(Data items)
- - -

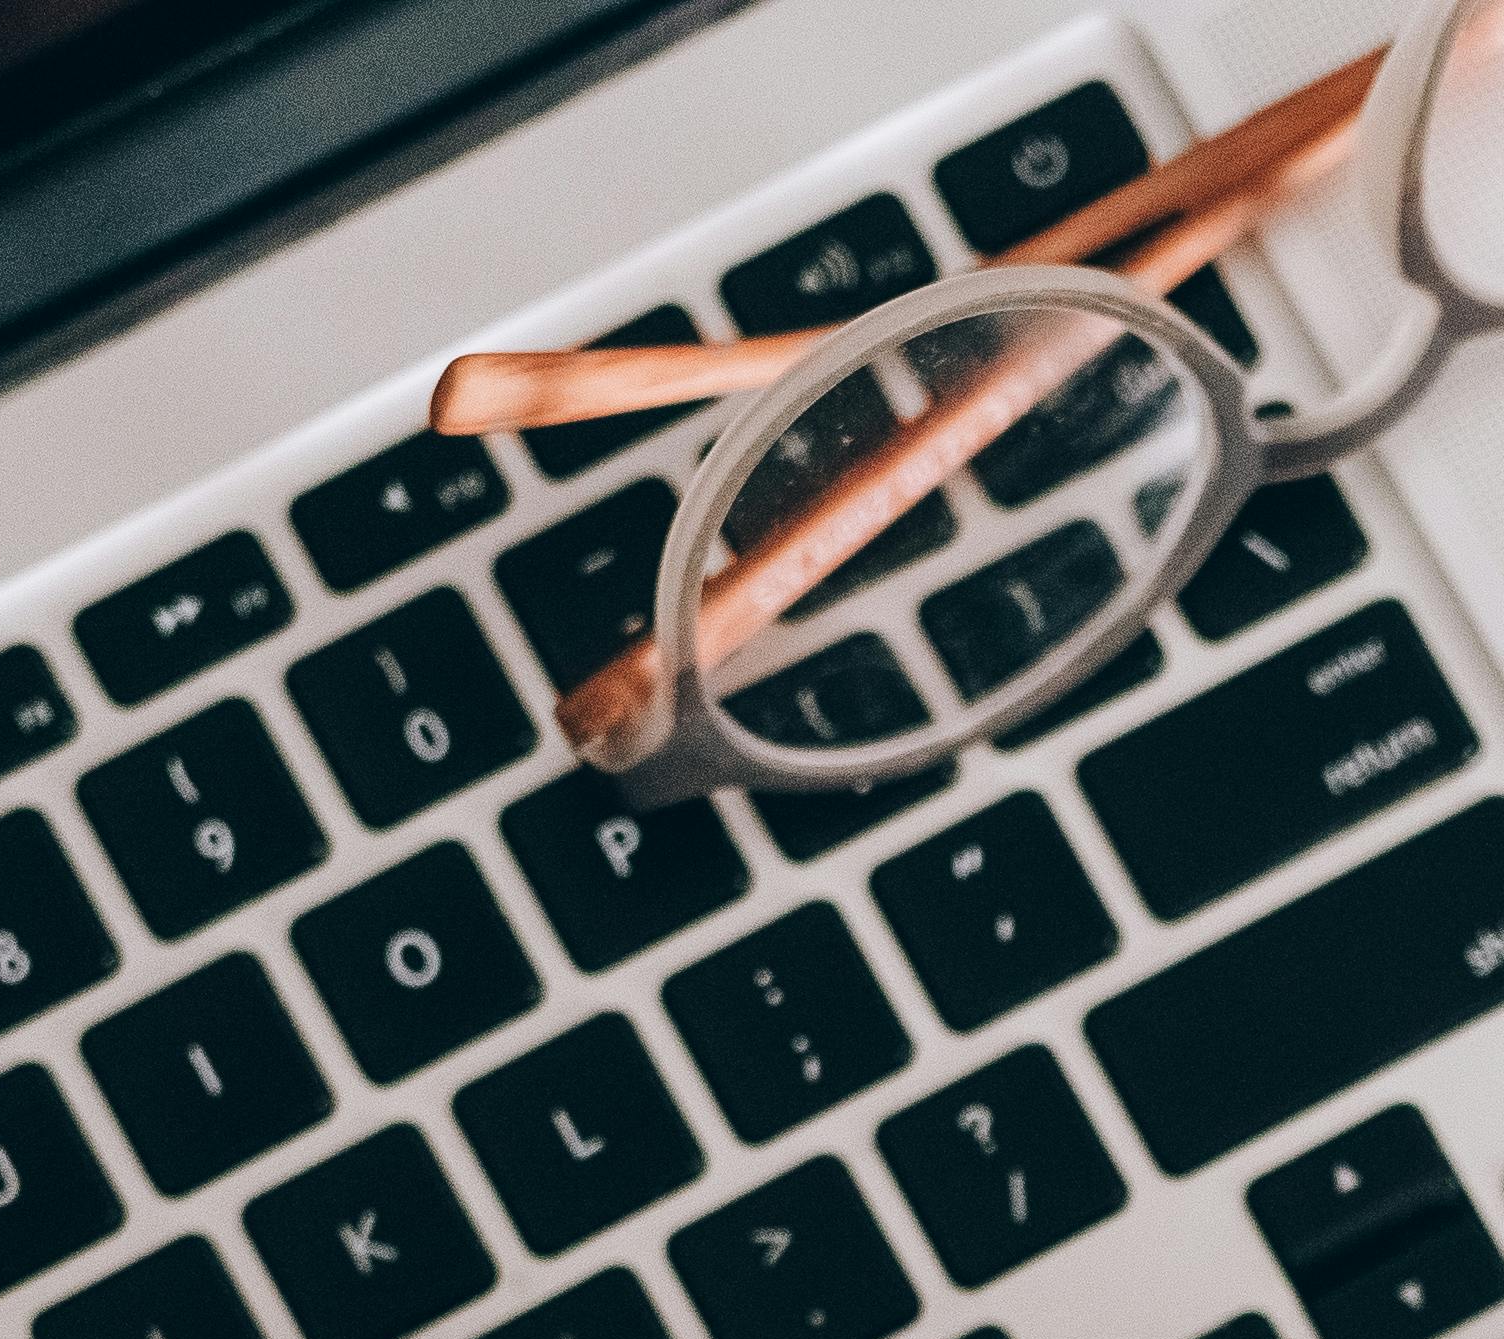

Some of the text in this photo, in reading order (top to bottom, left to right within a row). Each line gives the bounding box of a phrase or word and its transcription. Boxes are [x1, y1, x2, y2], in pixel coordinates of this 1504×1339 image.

[404, 709, 450, 762] 0
[1324, 716, 1438, 797] return
[195, 820, 235, 870] 9
[597, 819, 640, 876] P
[386, 929, 442, 988] O
[188, 1045, 222, 1095] I
[552, 1110, 604, 1160] L
[958, 1104, 999, 1155] ?
[340, 1213, 395, 1271] K
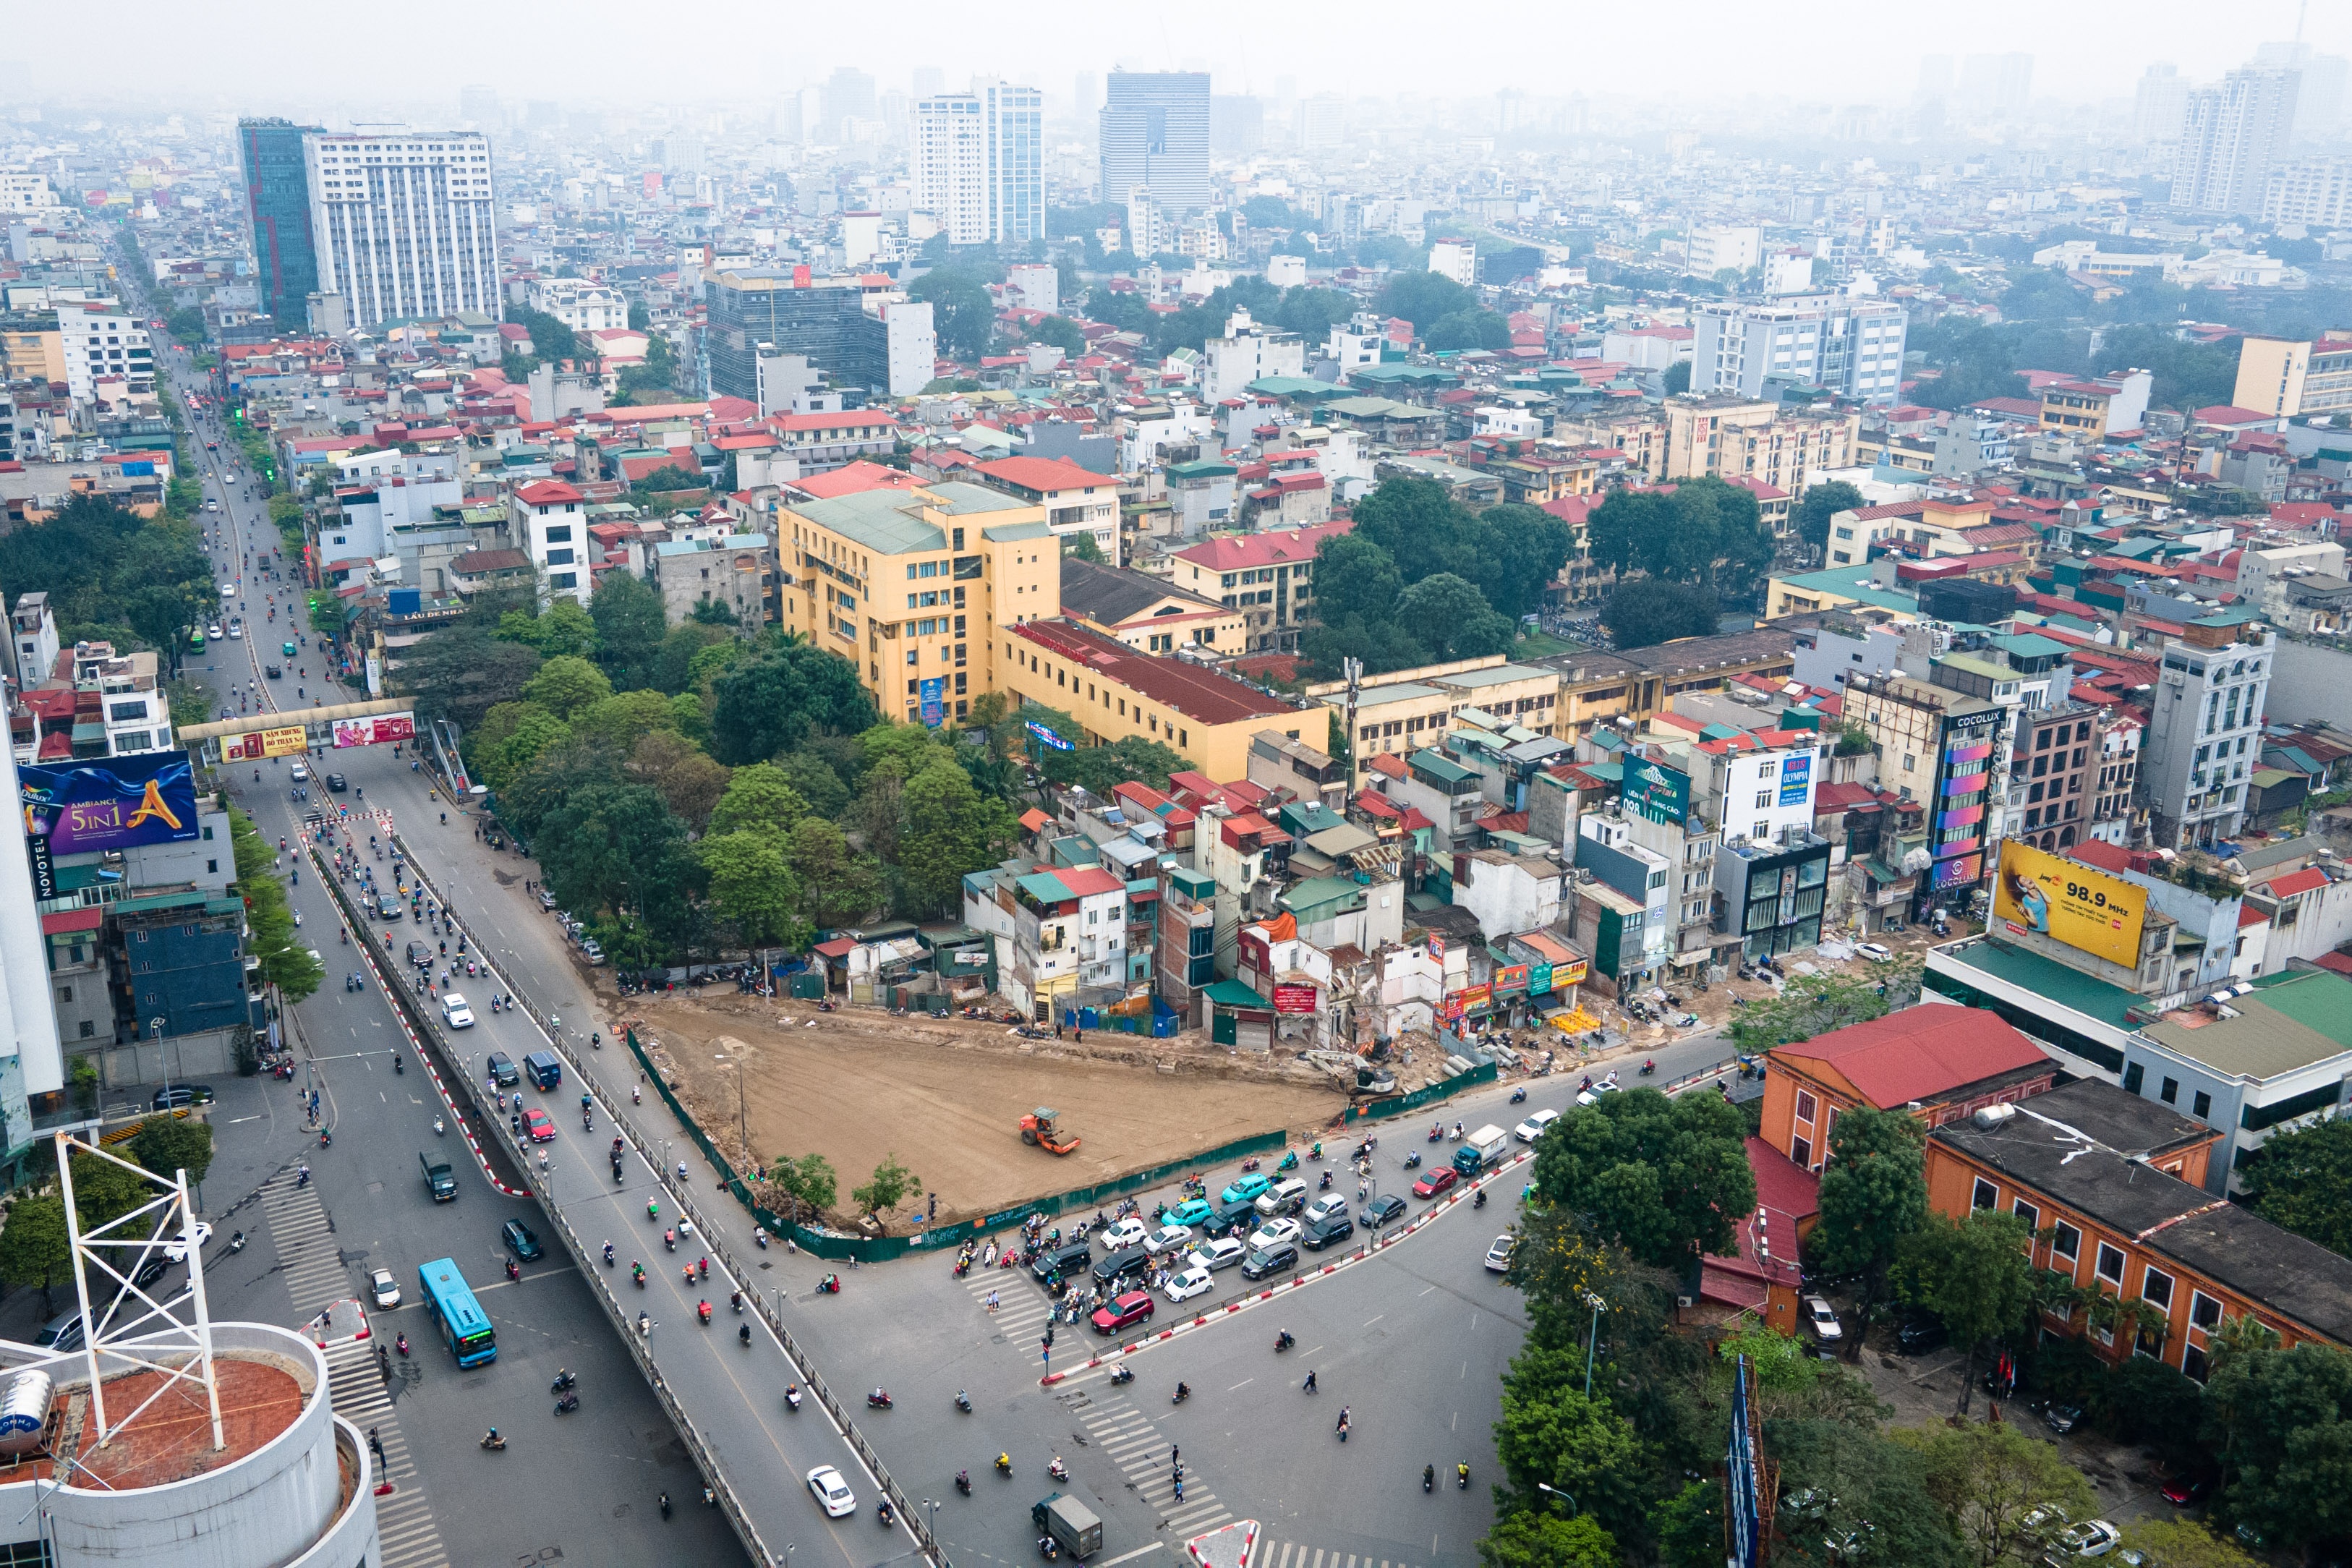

- - -

**Problem requirements:**
Every record must be copied exactly, with images dropped from the result.

**Solution to this exercise:**
Some of the text in this photo, in reading order (top to bottom, left to right within a row). Each line gives the bounding box of a phrase or word and its transcription. Boxes are [x1, y1, x2, y2], in pixel coordinates of this 1504×1339 image.

[404, 709, 450, 762] 0
[1324, 716, 1438, 797] return
[195, 820, 235, 870] 9
[597, 819, 640, 876] P
[386, 929, 442, 988] O
[188, 1045, 222, 1095] I
[552, 1110, 604, 1160] L
[958, 1104, 999, 1155] ?
[340, 1213, 395, 1271] K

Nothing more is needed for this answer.